### AIM OF THE EXERCISE:
Please give an exact transcription of the lines below, from the one that contains "this 1600×1200 image." to the very last, with no other lines.

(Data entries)
☆ ☆ ☆ ☆ ☆

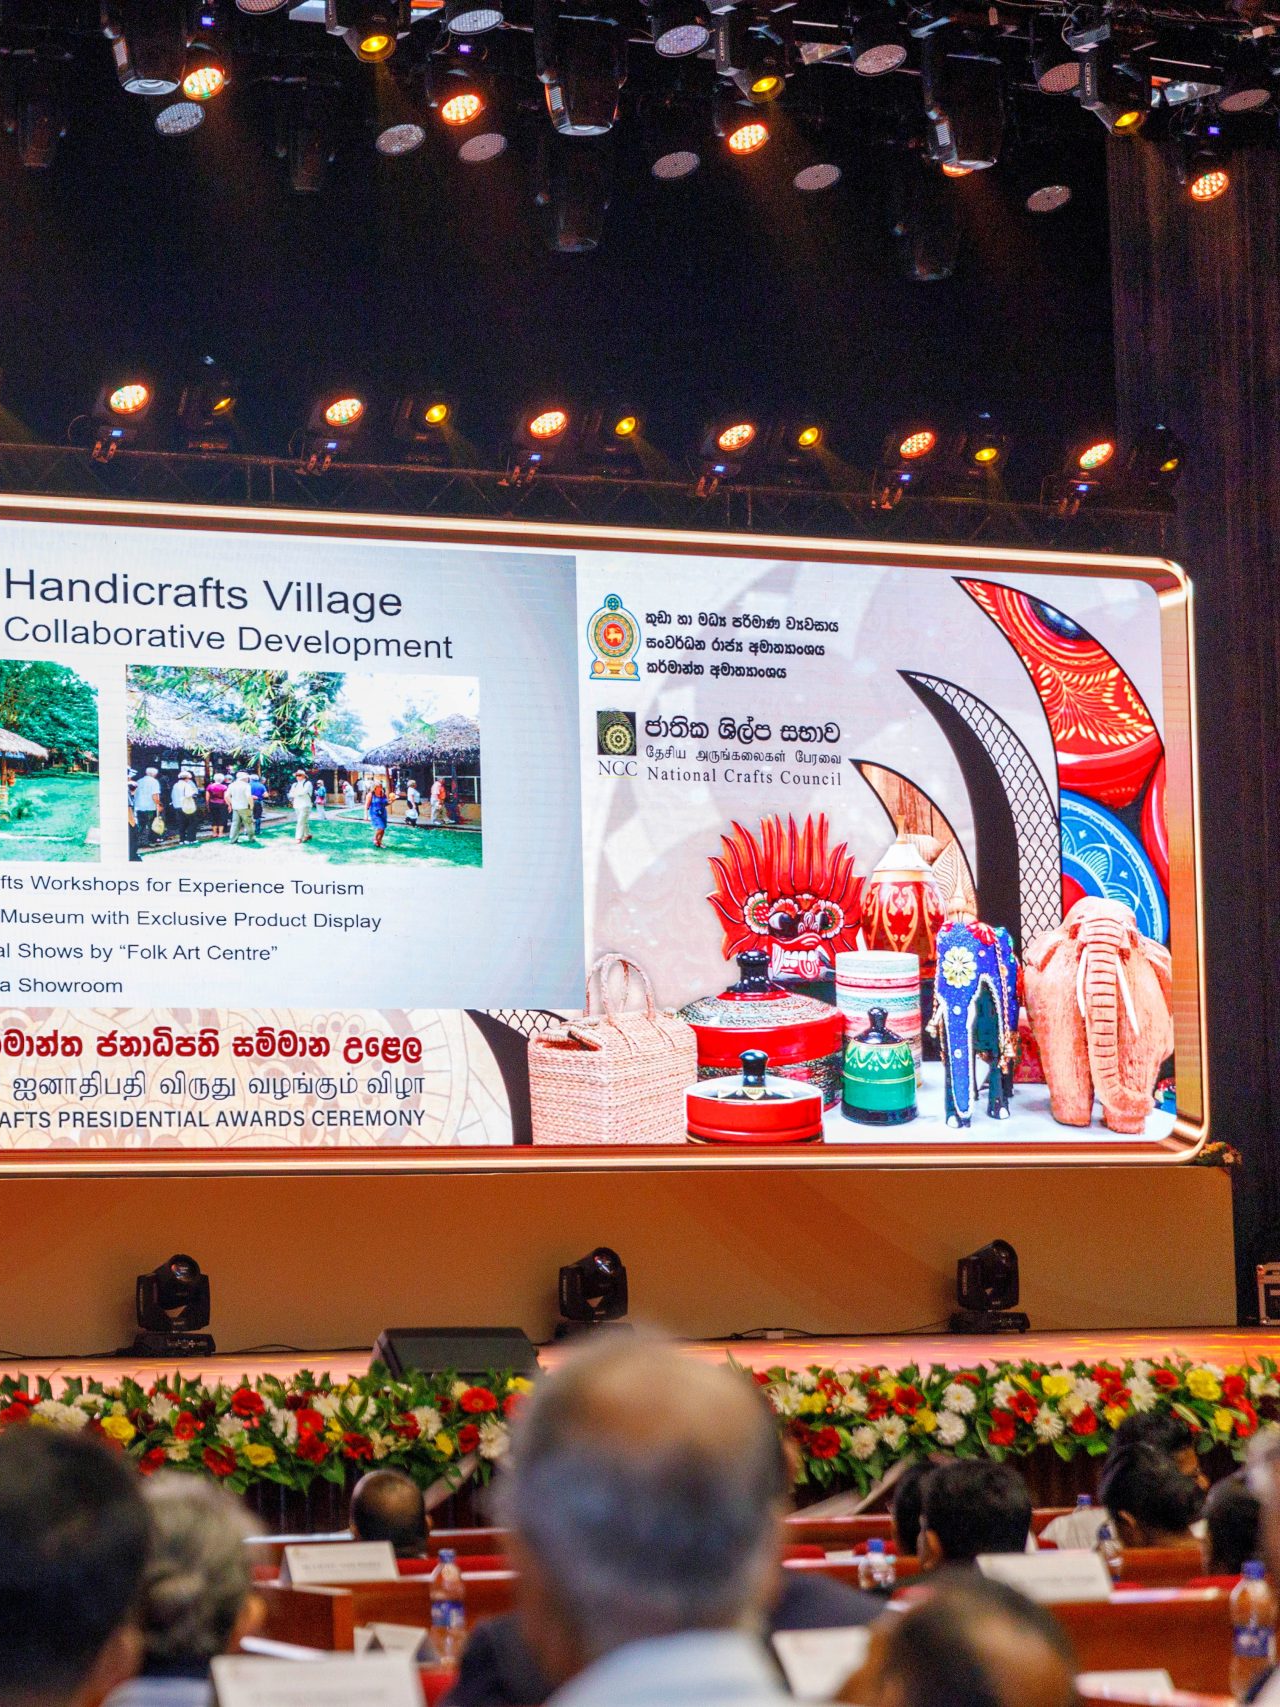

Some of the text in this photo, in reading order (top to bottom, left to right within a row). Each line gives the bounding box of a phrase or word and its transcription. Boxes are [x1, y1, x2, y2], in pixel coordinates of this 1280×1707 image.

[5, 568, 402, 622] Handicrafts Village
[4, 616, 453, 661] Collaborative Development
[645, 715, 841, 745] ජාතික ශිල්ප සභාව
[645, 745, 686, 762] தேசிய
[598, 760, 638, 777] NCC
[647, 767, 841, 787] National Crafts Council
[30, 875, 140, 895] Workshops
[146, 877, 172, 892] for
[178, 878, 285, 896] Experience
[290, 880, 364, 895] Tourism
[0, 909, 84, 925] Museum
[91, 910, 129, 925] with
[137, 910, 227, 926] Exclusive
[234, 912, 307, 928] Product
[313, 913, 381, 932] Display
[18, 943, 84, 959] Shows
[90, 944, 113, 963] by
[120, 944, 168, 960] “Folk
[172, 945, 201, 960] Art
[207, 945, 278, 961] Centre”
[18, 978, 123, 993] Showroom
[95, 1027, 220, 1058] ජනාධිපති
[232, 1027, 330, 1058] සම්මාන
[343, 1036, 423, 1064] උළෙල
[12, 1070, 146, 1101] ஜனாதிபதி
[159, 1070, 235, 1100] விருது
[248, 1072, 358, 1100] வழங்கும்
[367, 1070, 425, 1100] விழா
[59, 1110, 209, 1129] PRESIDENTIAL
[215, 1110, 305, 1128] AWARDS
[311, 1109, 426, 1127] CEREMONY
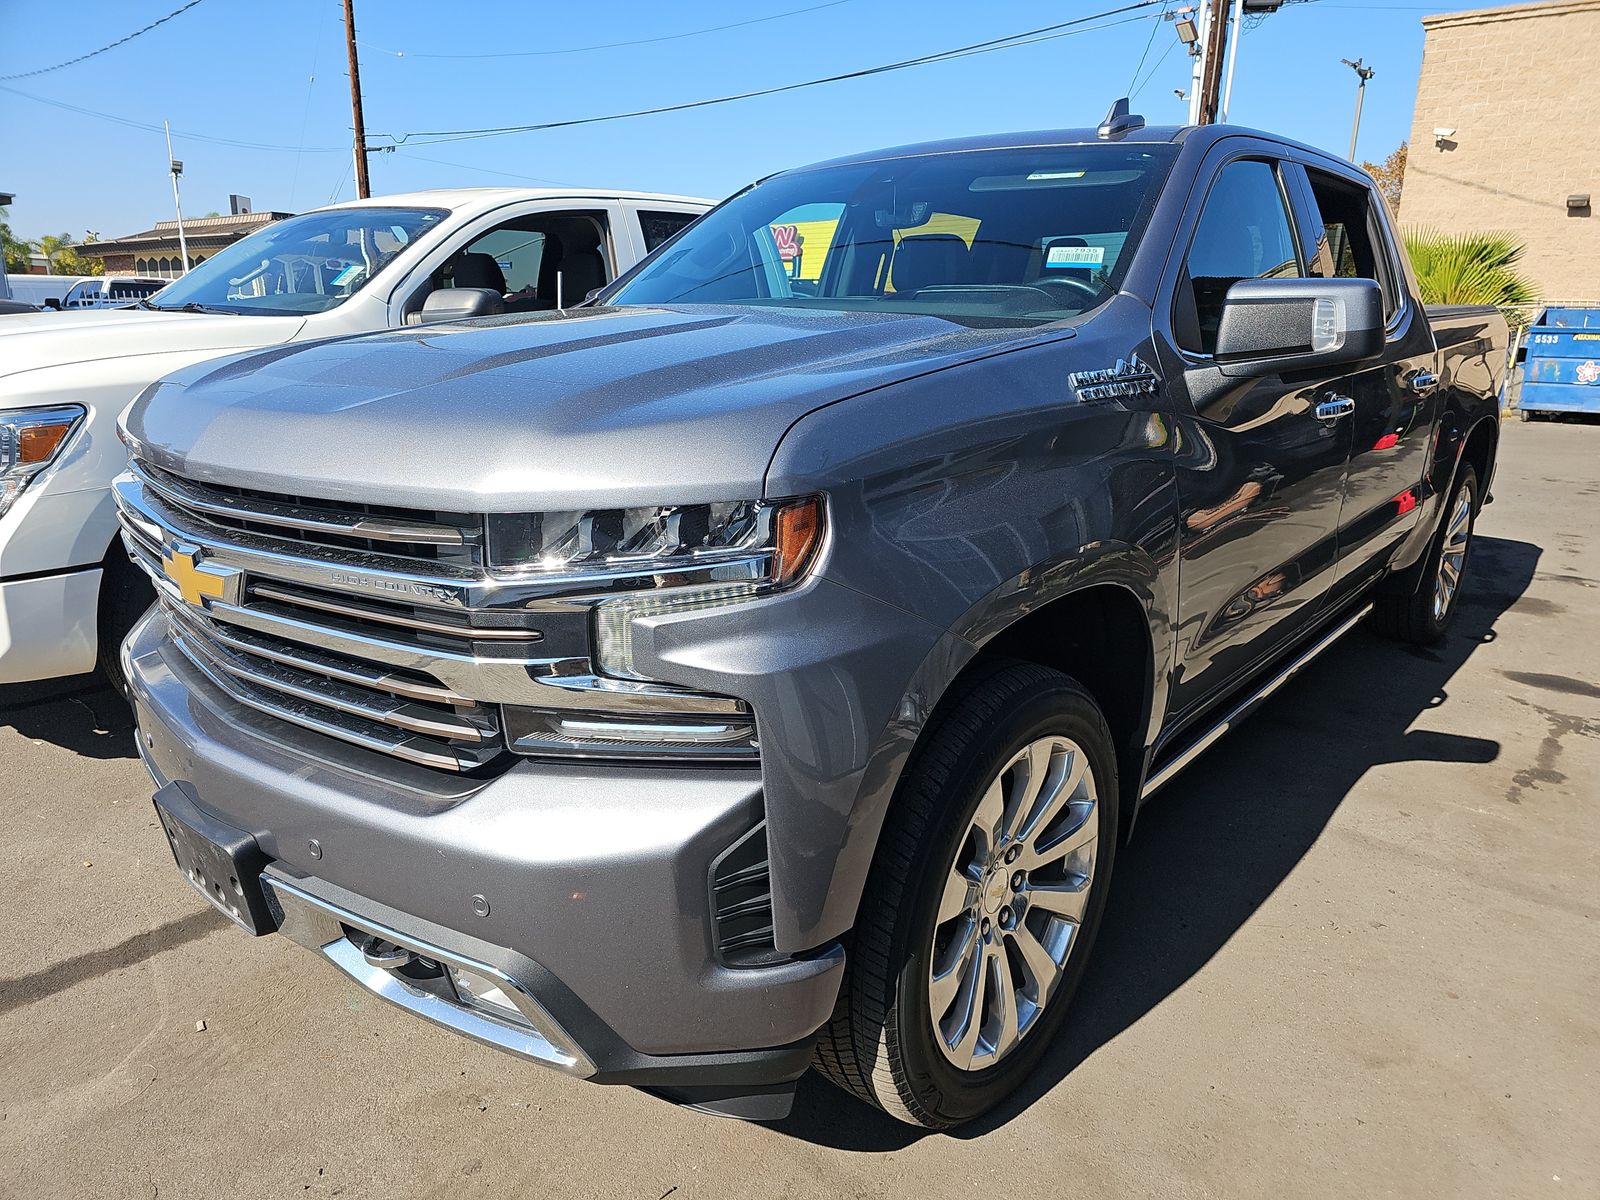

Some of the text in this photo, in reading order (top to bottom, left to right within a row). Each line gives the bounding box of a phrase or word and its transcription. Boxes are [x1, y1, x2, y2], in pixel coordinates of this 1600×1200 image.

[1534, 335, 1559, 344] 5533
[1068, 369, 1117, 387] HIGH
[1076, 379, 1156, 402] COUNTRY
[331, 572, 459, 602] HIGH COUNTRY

☆ ☆ ☆ ☆ ☆

### SOLUTION:
Some of the text in this photo, in reading order (top to bottom, left to right within a row). Each line gives the bounding box of a phrase or word and its transcription. Boxes are [x1, y1, x2, y2], in pixel coordinates of this 1600×1200 image.

[1534, 335, 1559, 344] 5533
[1068, 369, 1117, 387] HIGH
[1076, 379, 1156, 402] COUNTRY
[331, 572, 459, 602] HIGH COUNTRY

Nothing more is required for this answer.